In the copy of these records, include no pictures and change nothing else.

Saved data entries
>>>
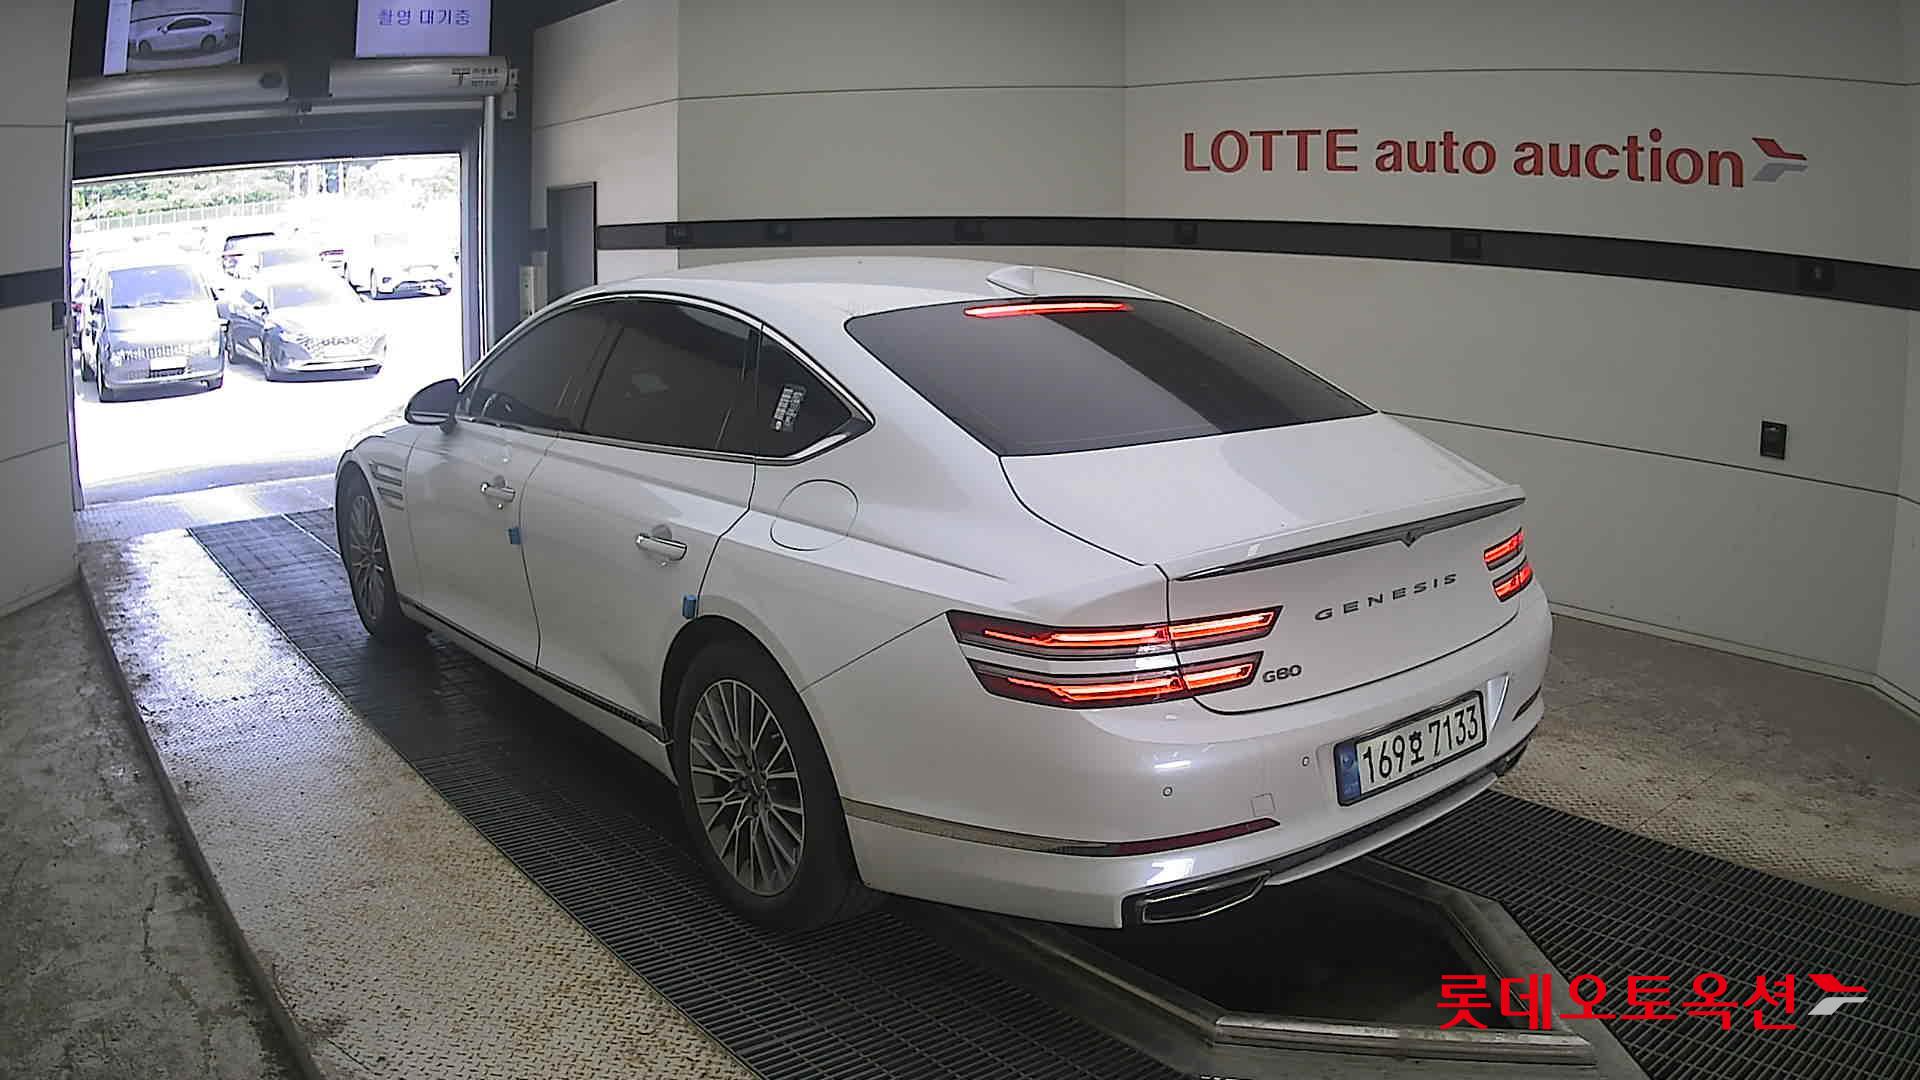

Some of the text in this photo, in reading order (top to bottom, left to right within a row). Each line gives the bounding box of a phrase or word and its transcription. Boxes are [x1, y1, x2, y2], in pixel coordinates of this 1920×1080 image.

[419, 8, 471, 26] 대기중
[1184, 128, 1744, 188] LOTTE auto auction
[1314, 573, 1457, 621] GENESIS
[1262, 664, 1302, 683] G80
[1363, 705, 1479, 784] 169호 7133
<<<
**Solution**
Some of the text in this photo, in reading order (top to bottom, left to right within a row). Each line gives the bounding box of a phrase or word and its transcription. Boxes are [x1, y1, x2, y2], in pixel coordinates of this 1920×1080 image.

[419, 8, 471, 26] 대기중
[1184, 128, 1744, 188] LOTTE auto auction
[1314, 573, 1457, 621] GENESIS
[1262, 664, 1302, 683] G80
[1363, 705, 1479, 784] 169호 7133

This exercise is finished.